Murió Pepe Mujica, pero no su legado: la izquierda pierde a uno de sus gigantes

José “Pepe” Mujica, expresidente de Uruguay, referente internacional del pensamiento progresista y símbolo de una izquierda ética, combativa y en resistencia, falleció este martes a los 89 años en Montevideo, tras una larga batalla contra el cáncer de esófago. Su muerte representa una pérdida irreparable para América Latina, pero su vida deja un legado que sigue interpelando a quienes aún creen en la política como herramienta de transformación social.

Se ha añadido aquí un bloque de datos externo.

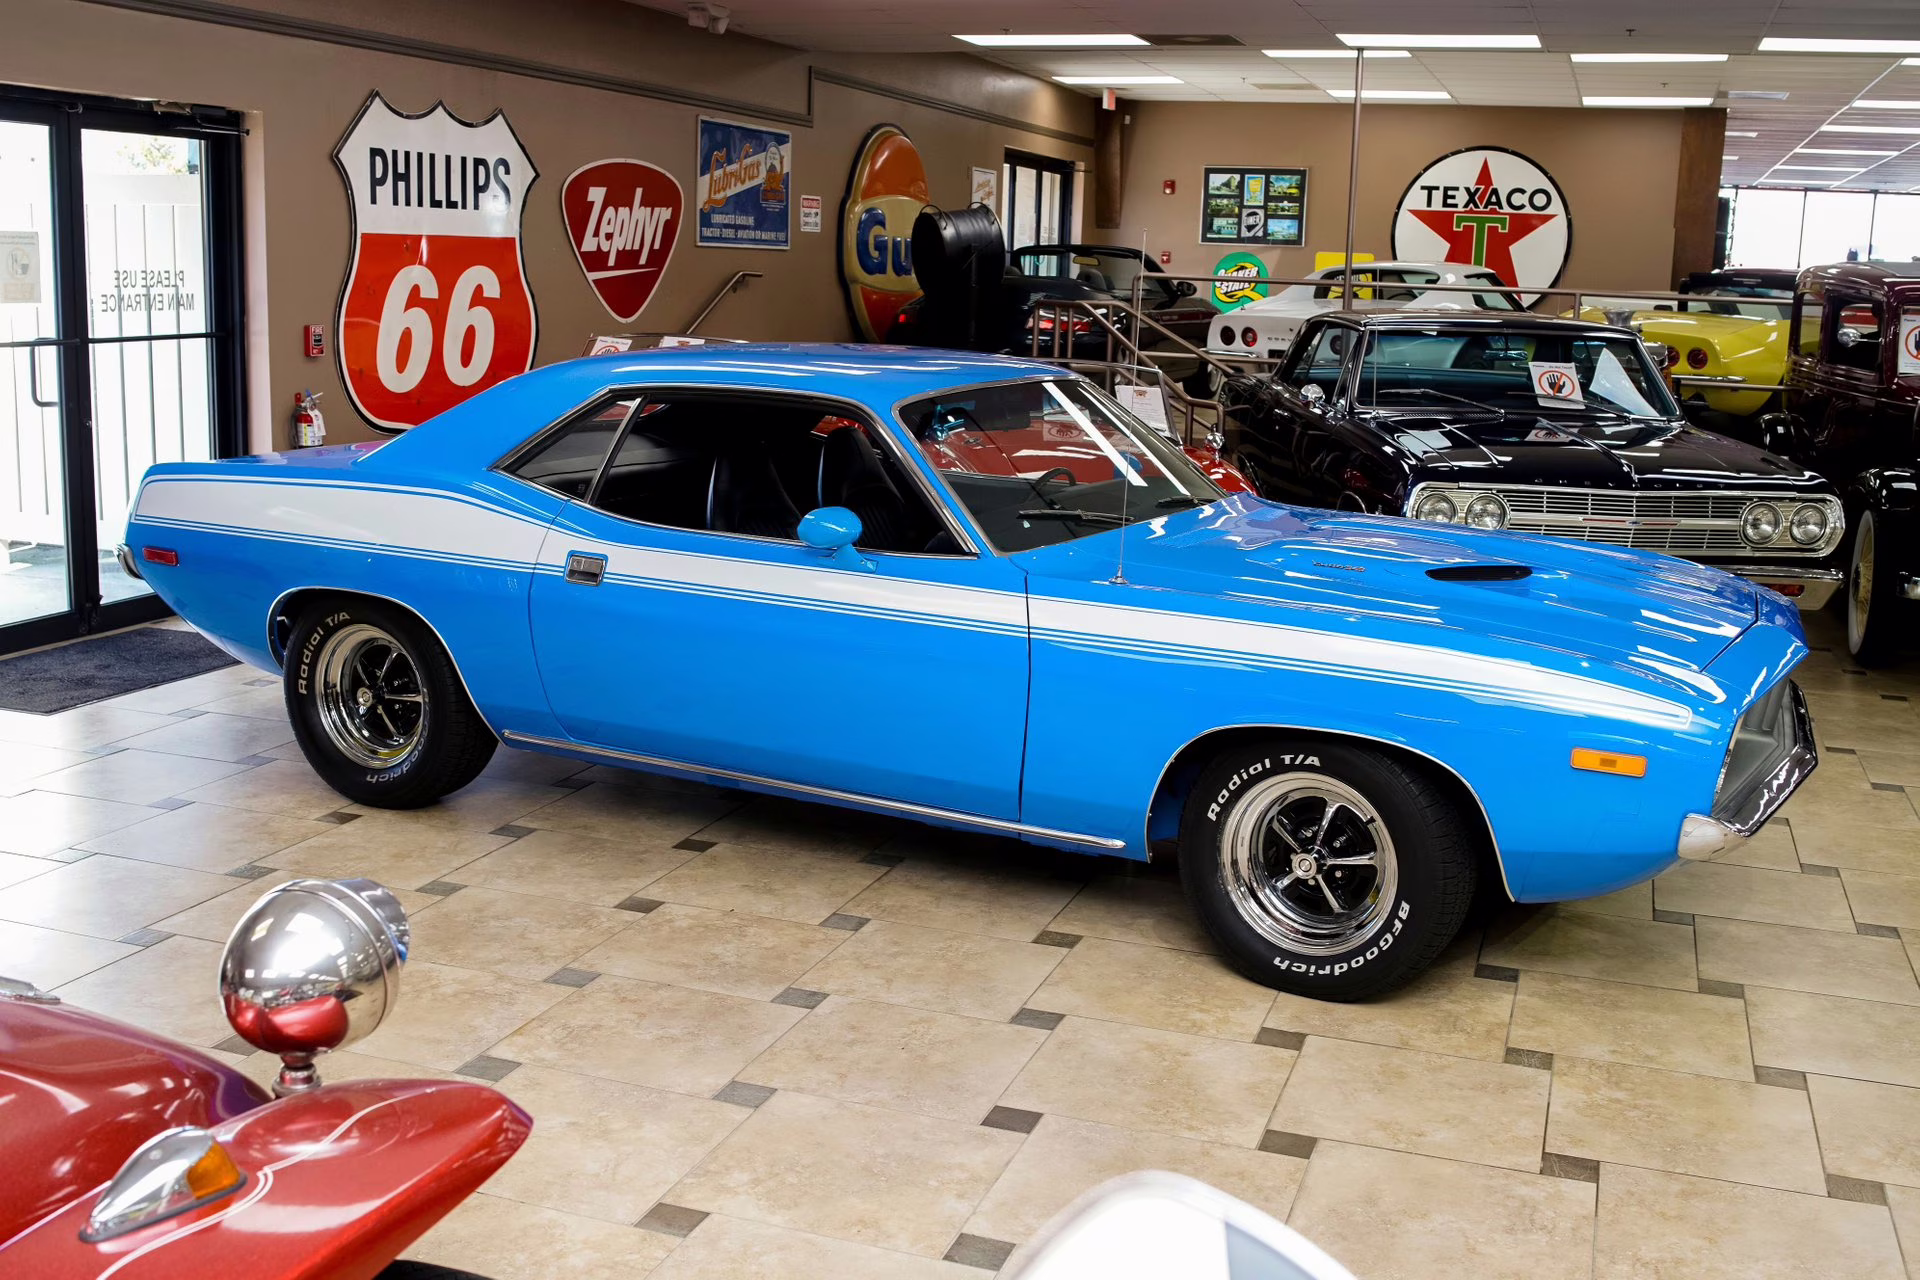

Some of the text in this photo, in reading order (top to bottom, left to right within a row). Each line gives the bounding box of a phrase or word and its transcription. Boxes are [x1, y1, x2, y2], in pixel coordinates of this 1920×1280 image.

[369, 147, 511, 212] PHILLIPS
[1420, 185, 1552, 212] TEXACO
[580, 186, 672, 267] Zephyr
[711, 213, 754, 226] LUBRICATED GASOLINE
[856, 207, 913, 277] Gu
[1216, 266, 1258, 285] QAKER
[376, 264, 500, 394] 66
[298, 611, 351, 695] Radial T/A
[1207, 754, 1321, 821] Radial T/A
[1273, 900, 1411, 976] BFGoodrich
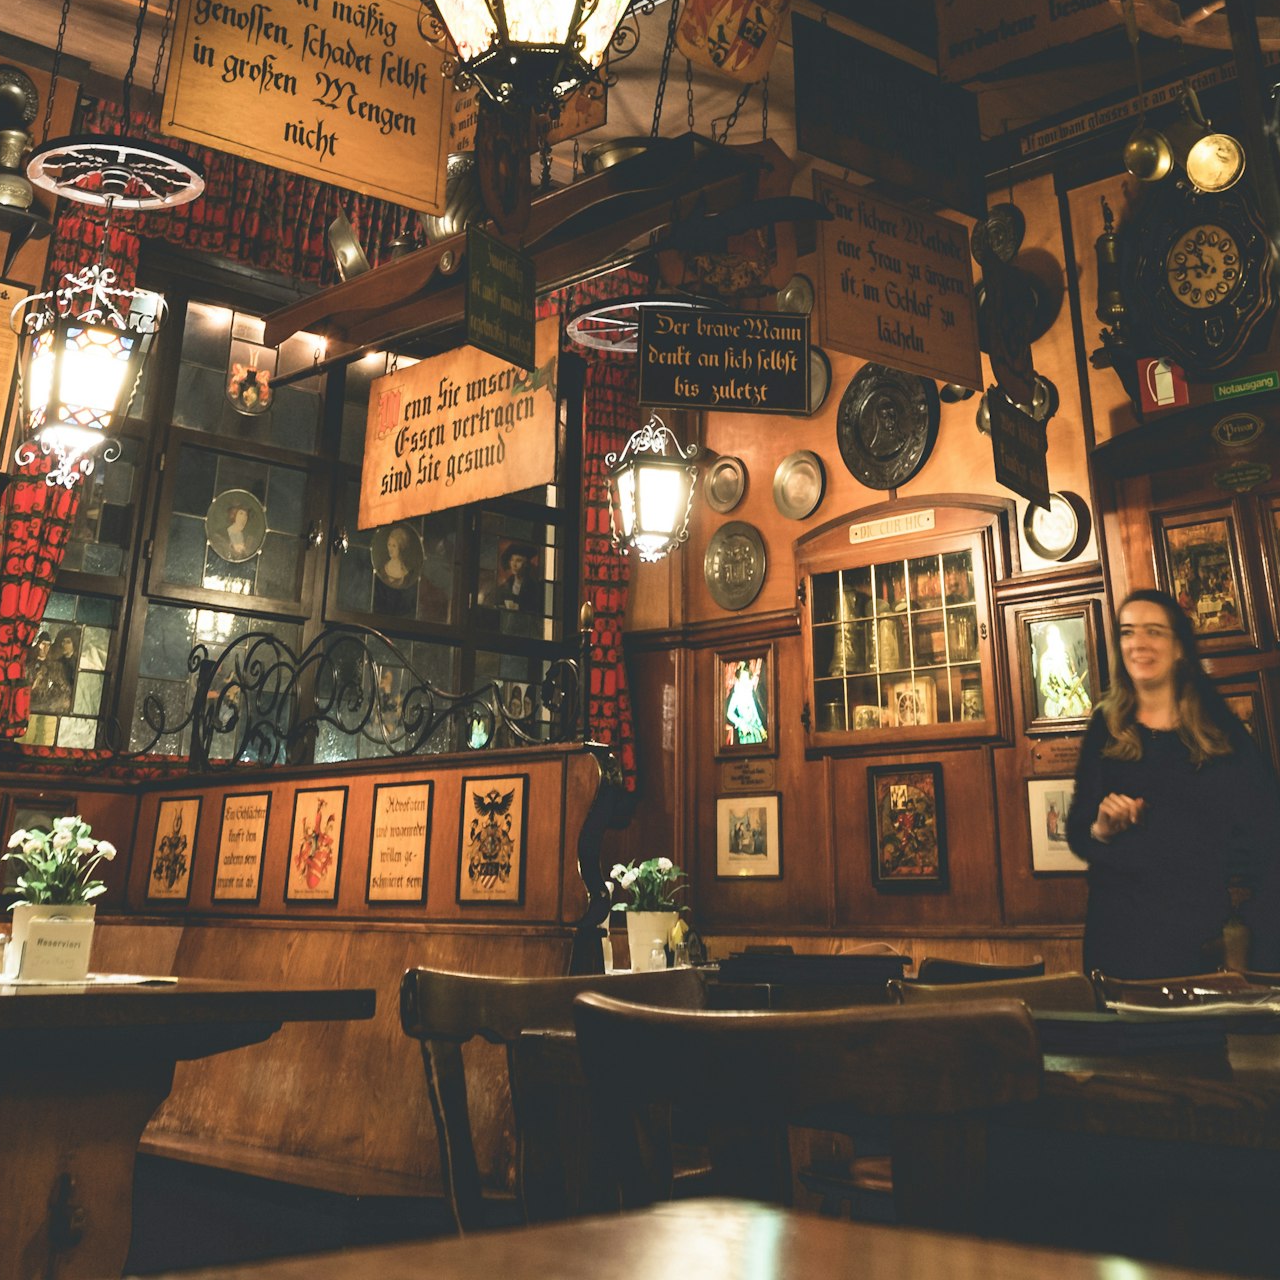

Mujica fue mucho más que un jefe de Estado: fue un militante integral, un hombre formado en la lucha insurgente, endurecido por la cárcel y reivindicado por el pueblo. Su paso por la guerrilla tupamara en los años sesenta lo llevó a enfrentar cara a cara la represión de la dictadura militar uruguaya, que lo encerró durante casi 15 años, muchos de ellos en condiciones de aislamiento extremo. “Fui preso, pero nunca esclavo”, diría después.

Cuando recuperó la libertad con el retorno de la democracia, no optó por el retiro ni por la comodidad del resentimiento, sino por continuar la batalla desde las instituciones. Su tránsito de combatiente clandestino a presidente democrático fue una de las transformaciones más poderosas de la izquierda latinoamericana moderna: una izquierda que no olvida, pero que aprende, que no renuncia a sus principios, pero que sabe gobernar con humildad.

Su gobierno (2010-2015) no solo consolidó avances sociales —como la legalización del aborto, el matrimonio igualitario o la regulación del cannabis—, también encarnó una ética de lo público profundamente subversiva: vivir con lo mínimo, rechazar los privilegios del poder, y hablar siempre desde la entraña del pueblo. Rechazó los autos oficiales, vivió en su modesta “chacra” con su compañera Lucía Topolansky, y donó casi todo su salario como presidente. Para él, la austeridad no era una pose: era una forma de coherencia revolucionaria.

En un continente donde tantos líderes han sucumbido al culto a la personalidad o a los pactos con los poderes económicos, Mujica fue un testimonio vivo de que sí es posible ejercer el poder sin perder el alma. Su autoridad moral era tal que, incluso sin quererlo, se convirtió en faro de jóvenes militancias, universidades, organizaciones sociales y movimientos que buscan una izquierda con vocación ética, crítica y transformadora.

Mujica no fue un dogmático. Defendió su derecho a disentir, incluso dentro del campo popular. Criticó la deriva autoritaria de algunos gobiernos autodenominados progresistas, se opuso al populismo vacío y abogó siempre por una política con valores, donde “el poder no se come” y donde gobernar es un servicio, no una conquista.

“Los únicos derrotados son los que bajan los brazos”, solía decir.

Hoy se va uno de los últimos grandes cuadros de la izquierda latinoamericana forjada en la cárcel, en la tierra, en la calle. Una izquierda que no nació en las cúpulas ni en los foros internacionales, sino en la lucha concreta por los derechos del pueblo.